▶ WHAT IS BEING ASKED
Could you return every record below exactly as it stands, leaving out the pictures?

(Spatial localization data)
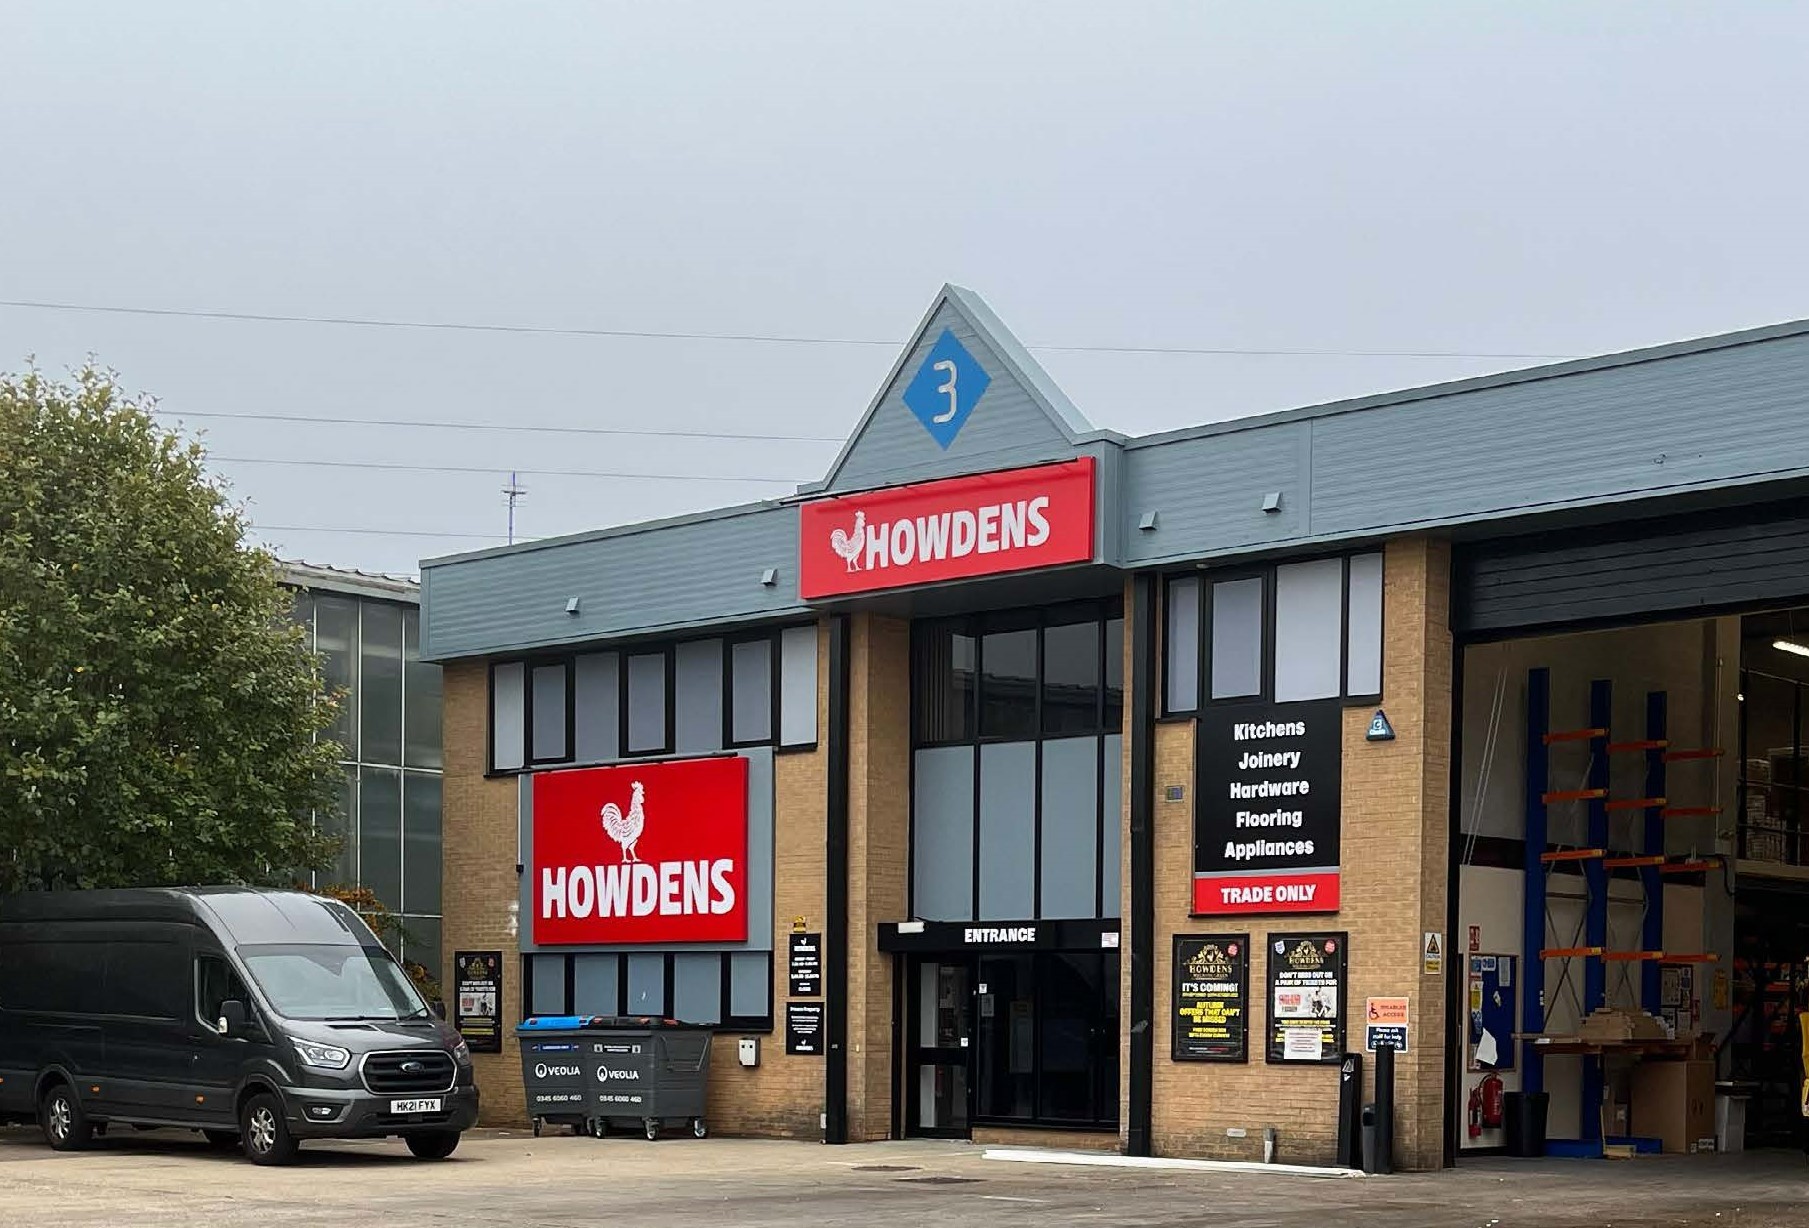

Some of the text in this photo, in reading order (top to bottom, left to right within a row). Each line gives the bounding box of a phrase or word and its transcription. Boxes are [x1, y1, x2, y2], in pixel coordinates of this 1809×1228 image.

[933, 360, 957, 424] 3
[865, 496, 1050, 571] HOWDENS
[1233, 720, 1306, 741] Kitchens
[1238, 751, 1301, 770] Joinery
[1229, 780, 1310, 799] Hardware
[1236, 808, 1303, 828] Flooring
[1224, 839, 1315, 861] Appliances
[542, 858, 735, 919] HOWDENS
[1220, 884, 1317, 904] TRADE ONLY
[964, 927, 1036, 943] ENTRANCE
[1189, 965, 1233, 974] HOWDENS
[1182, 983, 1198, 992] IT'S
[548, 1066, 581, 1076] VEOLIA
[608, 1070, 639, 1080] VEOLIA
[397, 1100, 436, 1111] HK21 FYX
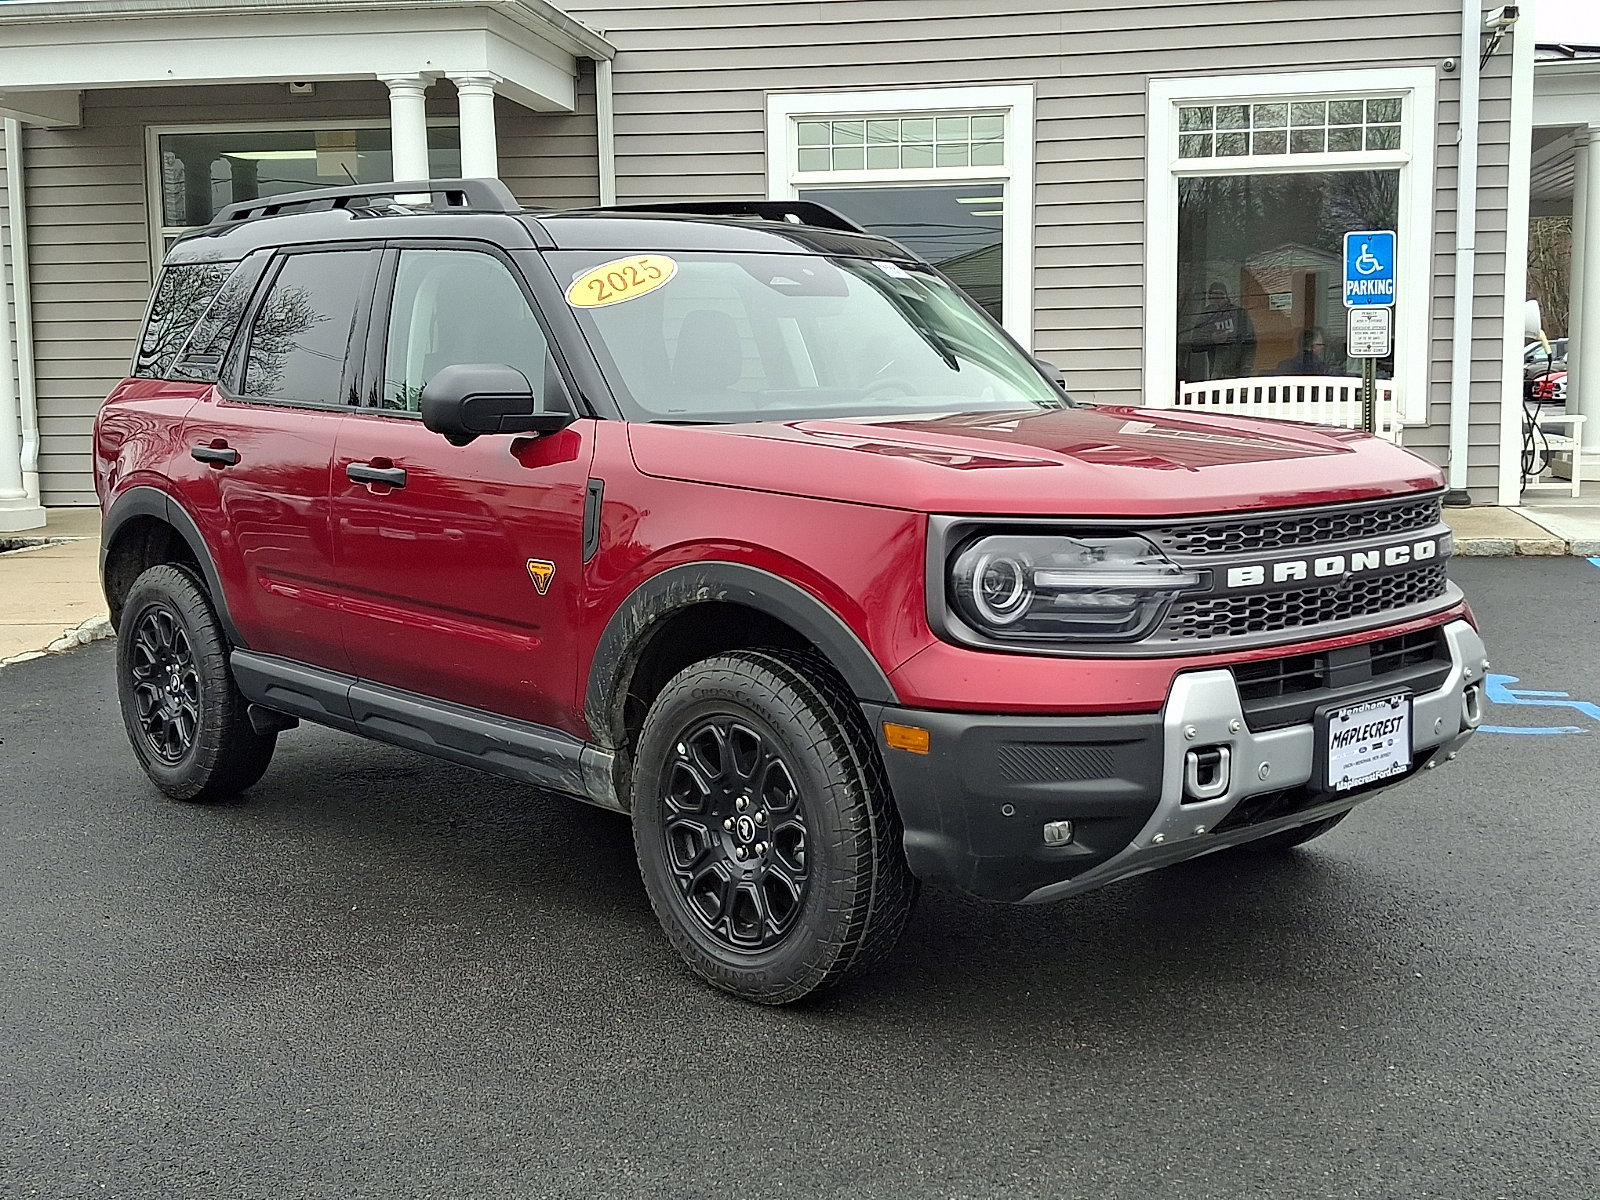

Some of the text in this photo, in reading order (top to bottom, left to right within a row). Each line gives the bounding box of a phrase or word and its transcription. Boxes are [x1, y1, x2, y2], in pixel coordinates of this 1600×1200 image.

[587, 259, 662, 301] 2025
[1346, 279, 1393, 296] PARKING
[1227, 540, 1436, 588] BRONCO
[1390, 695, 1405, 704] NJ
[1331, 715, 1404, 750] MAPLECREST
[1336, 764, 1407, 791] MaplecrestFord.com

▶ REPLY TO THE TASK
Some of the text in this photo, in reading order (top to bottom, left to right within a row). Each line gives the bounding box of a phrase or word and its transcription. Boxes are [x1, y1, x2, y2], in pixel coordinates of this 1809×1228 image.

[933, 360, 957, 424] 3
[865, 496, 1050, 571] HOWDENS
[1233, 720, 1306, 741] Kitchens
[1238, 751, 1301, 770] Joinery
[1229, 780, 1310, 799] Hardware
[1236, 808, 1303, 828] Flooring
[1224, 839, 1315, 861] Appliances
[542, 858, 735, 919] HOWDENS
[1220, 884, 1317, 904] TRADE ONLY
[964, 927, 1036, 943] ENTRANCE
[1189, 965, 1233, 974] HOWDENS
[1182, 983, 1198, 992] IT'S
[548, 1066, 581, 1076] VEOLIA
[608, 1070, 639, 1080] VEOLIA
[397, 1100, 436, 1111] HK21 FYX

Some of the text in this photo, in reading order (top to bottom, left to right within a row). Each line gives the bounding box of a phrase or word and its transcription. Boxes are [x1, y1, x2, y2], in pixel coordinates of this 1600×1200 image.

[587, 259, 662, 301] 2025
[1346, 279, 1393, 296] PARKING
[1227, 540, 1436, 588] BRONCO
[1390, 695, 1405, 704] NJ
[1331, 715, 1404, 750] MAPLECREST
[1336, 764, 1407, 791] MaplecrestFord.com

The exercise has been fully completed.